TC-NCF技術與MR-MUF技術散熱效能的結構差異(來源:SK海力士)
自2019年以來,MR-MUF技術被應用於SK海力士的HBM2中,MR-MUF技術另一個重要特性是採用了一種名為環氧樹脂模塑膠(EMC, Epoxy Molding Compound)的保護材料,用於填充晶片間的空隙。EMC是一種熱固性聚合物,具有卓越的機械性、電氣絕緣性及耐熱性,能夠滿足對高環境可靠性和晶片翹曲控制的需求。由於應用了MR-MUF技術, HBM2E的散熱效能比上一代HBM2提高了36%。HBM3(堆疊8層DRAM)也採用的是這項技術。
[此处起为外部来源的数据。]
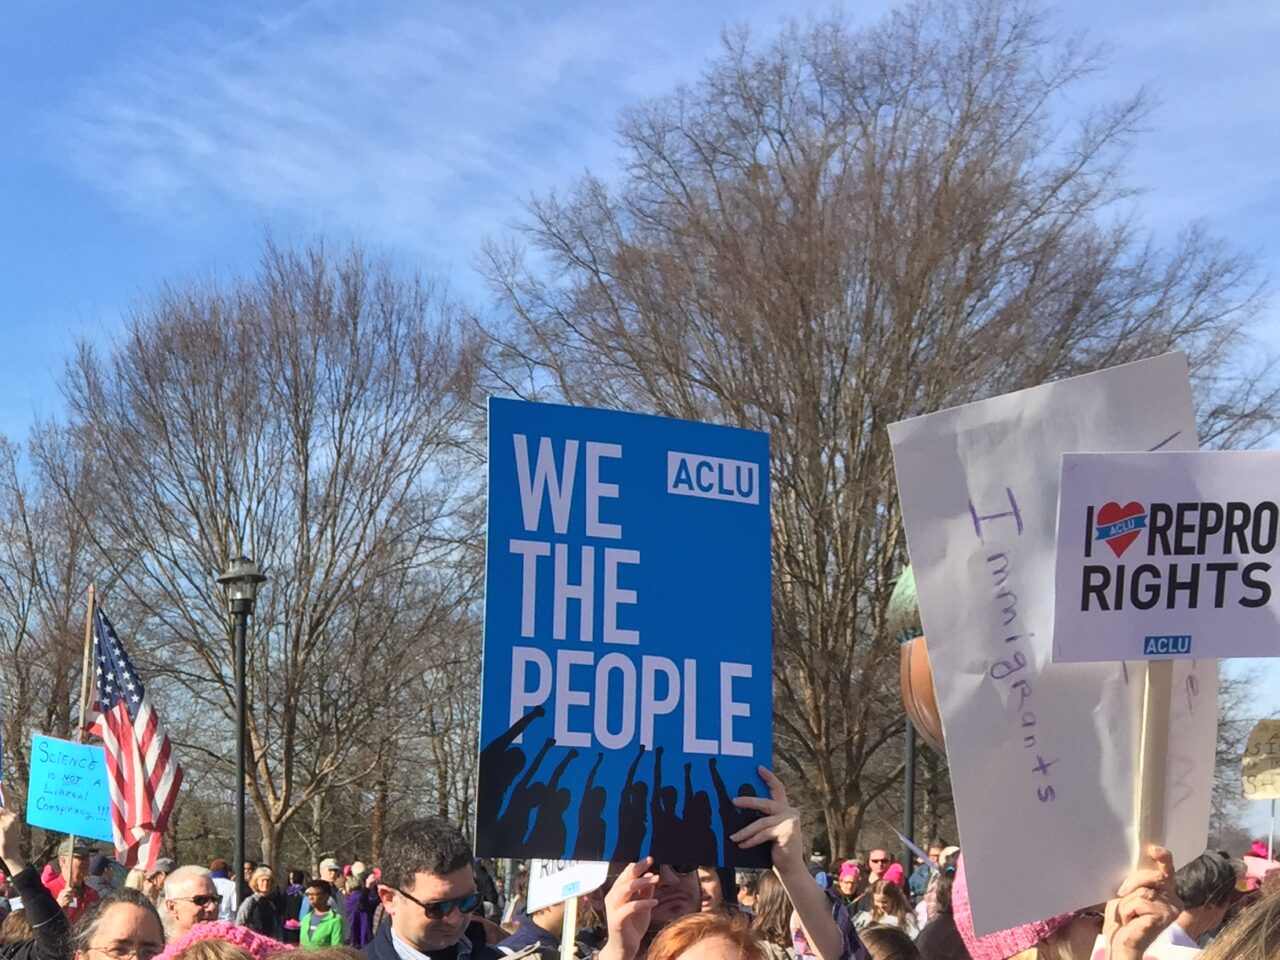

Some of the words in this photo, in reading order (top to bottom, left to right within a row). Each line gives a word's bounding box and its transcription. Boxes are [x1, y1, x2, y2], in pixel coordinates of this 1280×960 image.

但是到了12層的HBM3E,除了散熱問題之外,翹曲也是一個挑戰。要在整體厚度不變的情況下,DRAM晶片必須比8層HBM3所用的晶片薄40%,這就會發生翹曲。於是,SK海力士又開發了Advanced MR-MUF技術,並引入了業界首創的晶片控制技術(在堆疊晶片時,對每個晶片施加瞬間高熱,使頂層晶片下的凸點與底層晶片上的薄墊熔合。薄墊將晶片固定在一起,以防止翹曲)和改善散熱效果的新型保護材料。在應用先進的MR-MUF技術後,與上一代8層HBM3相比,HBM3E在散熱效能方面提高了10%,成為人工智慧時代炙手可熱的儲存器產品。
HBM產品發展及散熱效能最佳化時間線
(圖源:SK海力士)
HBM4產品SK海力士也採用了Advanced MR-MUF工藝,實現了36GB的容量,這是12層HBM產品中最高的容量。展望未來,Advanced MR-MUF 將應用於更廣泛的應用領域,進一步鞏固 SK 海力士在 HBM 技術方面的領先地位。
但是不得不承認的一個事實是,HBM技術的未來仍充滿挑戰和機遇。SK海力士HBM整合技術副總裁Han Kwon-hwan指出,HBM4的量產面臨諸多技術變數,團隊將專注於提前預測並制定應對策略。
混合鍵合(Hybrid Bonding)是一種將晶片堆疊得更高以提高效能和容量的方法,同時保持產品厚度符合標準規格。當前的技術使用微凸塊材料來連線 DRAM 模組,但混合鍵合可以消除對微凸塊的需求,從而顯著減少晶片厚度。在HBM4標準沒有確定下來之前,HBM4就考慮使用混合鍵合技術,後來,為了幫助製造商,JEDEC決定將 12 層和 16 層 HBM4 堆疊的 HBM4 封裝厚度減小至775微米,這樣各大廠商現有的封裝技術就可以達到需求。
12層的HBM之後,混合鍵合或將成為下一代技術的必然選擇。不過預計採用混合鍵合將導致價格整體上漲。
HBM的幾大發展趨勢
先進製程驅動HBM演進:從三大儲存巨頭的HBM4的發展來看,HBM的控制邏輯晶片(Base Die)正在向更先進的工藝節點發展,HBM4已經從12nm推進到5nm和4nm,未來HBM5可能採用3nm甚至更先進的製程,以提升資料吞吐量和降低功耗。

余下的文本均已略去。